View Full Version : Poll: Linux --- who gives a s****?
06-17-2000, 06:52 AM
- - - This is aimed more at CIS/info sys workers, and particularly at software developers.
- I am boning up on concepts this summer since after the fall, I will have taken most of the courses relevant to computer programming at the local college, and I'll actually have to go out and try to get a job in the field. The people I know ITRW have said "Know yer databases, and know yer Windows" and that's about it. Their point is that I should have a general idea of how this stuff works before I arrive. Almost all say they do stuff for WinNT or 9X, with an odd command line program for various systems. When asked if I should bother learning anything about Linux, they usually say that they rarely (if ever) have had to deal with programming for it. I'm asking primarily about regions other than the midwest because that's where I currently am; is learning about Linux a waste of my time or what?
06-17-2000, 07:31 AM
Well kind sir, I have worked as a computer programmer in Seattle, Los Angeles, Austin, Boston, New York City, Fort Lauderdale, Dallas and Colorado Springs. I all those places I used Unix, which is the language Linux is derived from. I used Linux in New York City. I used Windows NT in Austin and New York City.

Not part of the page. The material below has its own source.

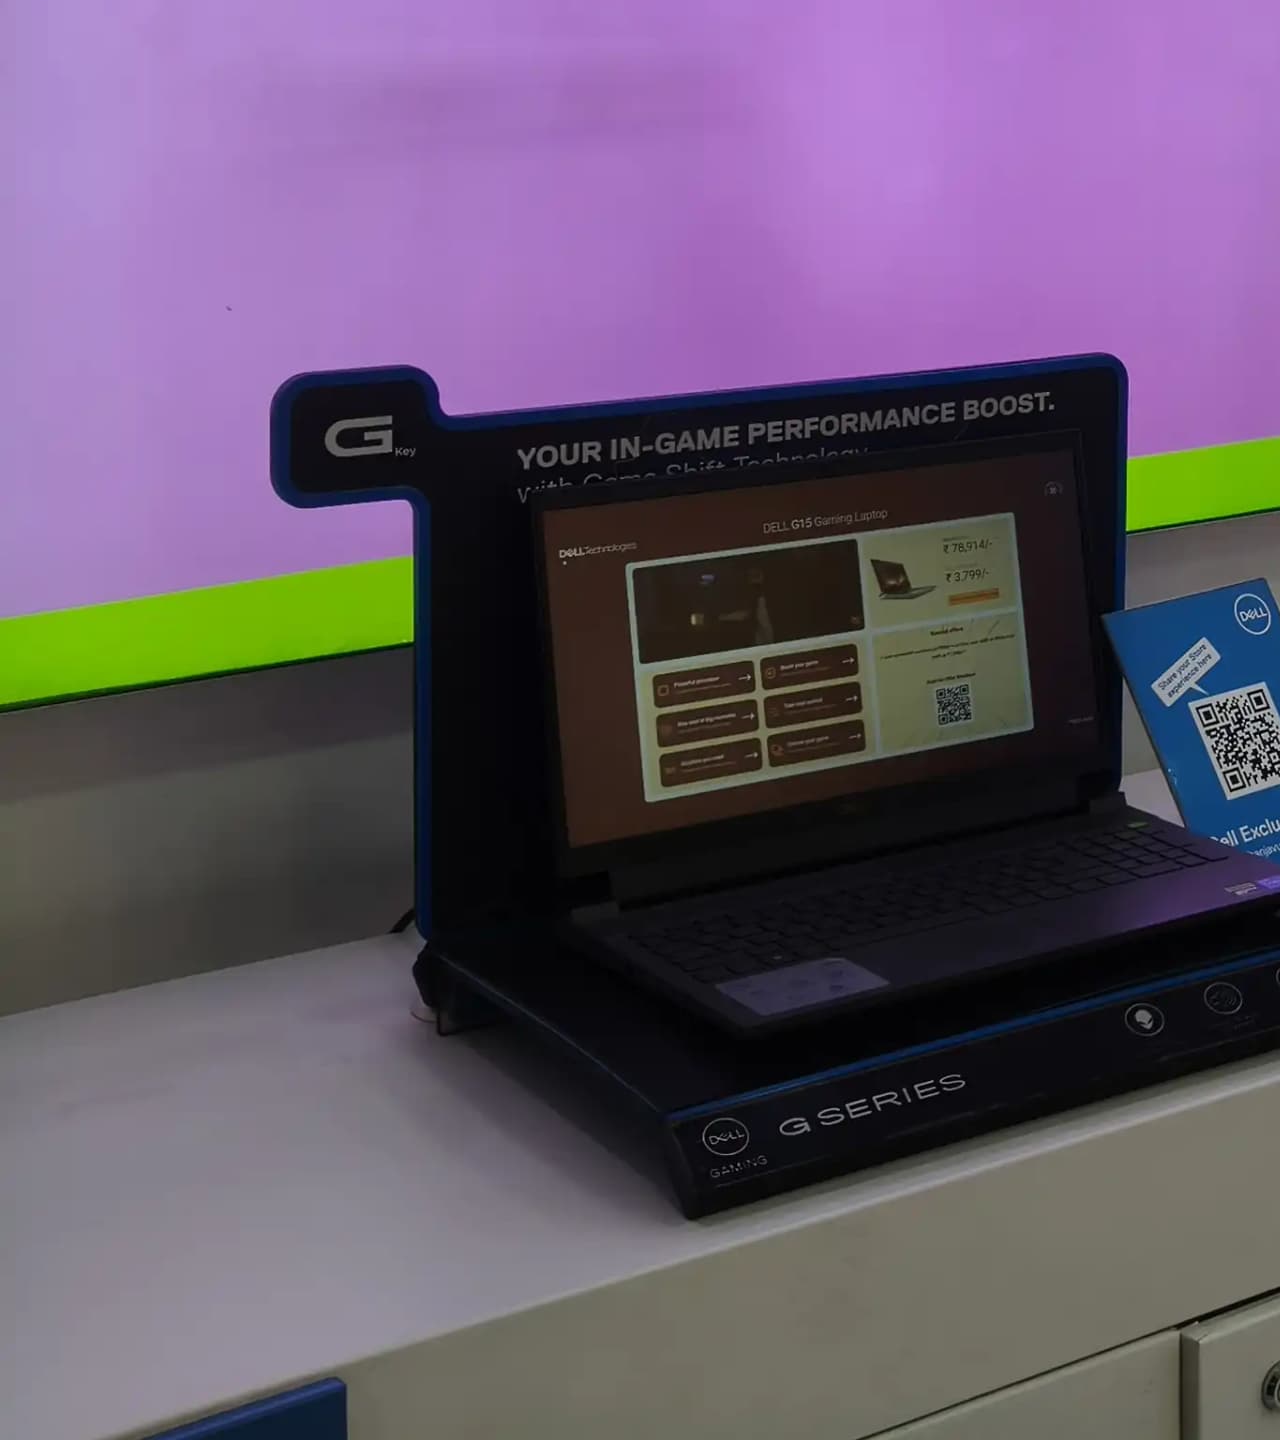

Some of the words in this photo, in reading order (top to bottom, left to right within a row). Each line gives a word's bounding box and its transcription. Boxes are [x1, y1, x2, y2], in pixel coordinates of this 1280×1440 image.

Windows NT is definately used on IBM style computers, but in my opinion, a lot of the more interesting work is on Linux/Unix.
06-17-2000, 09:45 AM
Unix/Linux is getting to be more popular. MS OS are getting to be somewhat Unix-flavored.
My own personal view? I started out using the old CP/CMS on IBM Mainframes, then went through DOS, OS/2, and now W95/NT. I have several flavors of Linux at home, that I'm learning in my spare time. Essentially, all OS have the same job to do, having to control the execution of tasks and manage the flow of data into and out of the hardware. Some do it in different ways, some do it better than others, and some have a different enough view of their function to make a difference in whether a system works well or works poorly. Having a varied background in multiple OS allows me to make better use of the OS resources available in the particular environment. Sometimes it just takes a different view of a problem for the solution to become clear; being familiar with mutliple OS and programming languages helps me to have a little different view sometimes.
Sometimes, when it's dark, and late at night, and I'm all alone, I still write pseudocode in PL/1.
06-17-2000, 12:16 PM
It depends. If you're planning to go the networking carreer path, you definately need to know a bit about LINUX. Many ISP / Web Services type firms favor it. IBM even has a flavor that can run on the S390 mainframes - giving you a couple of thousand "servers" on the same box.
If you're leaning more towards Web design or tech support, it'll not be too important. Web designers speak in HTML and really could care less about the guts of the machine. Tech support is most for the low end users. LINUX is such a pain to set up, few newbie's will have it.
06-17-2000, 04:12 PM
From one deep in the networking industry: Learn some Unix. Linux/Solaris/whatever: there's a lot of commonality, and once you're really good with one, moving's not that tough.
06-17-2000, 05:08 PM
Even though Linux isn't as big a hit as Windows, it'd still be a good idea to learn about it, just so that you have a more diverse range of knowledge to draw from.
06-18-2000, 12:53 AM
If you want to work in databases, you're pretty much going to have to know some Unix, and Linux is a good way to learn about it (with, perhaps, some O'Reilly books at your side.)
Microsoft does own the business desktop -- no argument there. But beyond the desktop, and despite everything Microsoft has come up with to date, business still relies on Unix and mainframes for the heavy-duty database and vertical apps they depend on for day-to-day operations.
06-18-2000, 05:37 PM
linux seems to have more versatility than windows, and is definitely helful if your going to be using something like Oracle. Unix servers are pretty common, and i find i prefer to use linux as my OS as well at home just because i can make it look that way i want, and do the things i want. Besides, nothing is a waste of time to learn.
06-18-2000, 10:25 PM
My company, ReCare (www.recare.com), is entirely Linux based. Everyone from the HR department to the CEO. And of course, all the developers.
There are two machines that have VMware to run Windows, but we're trying to phase those out too.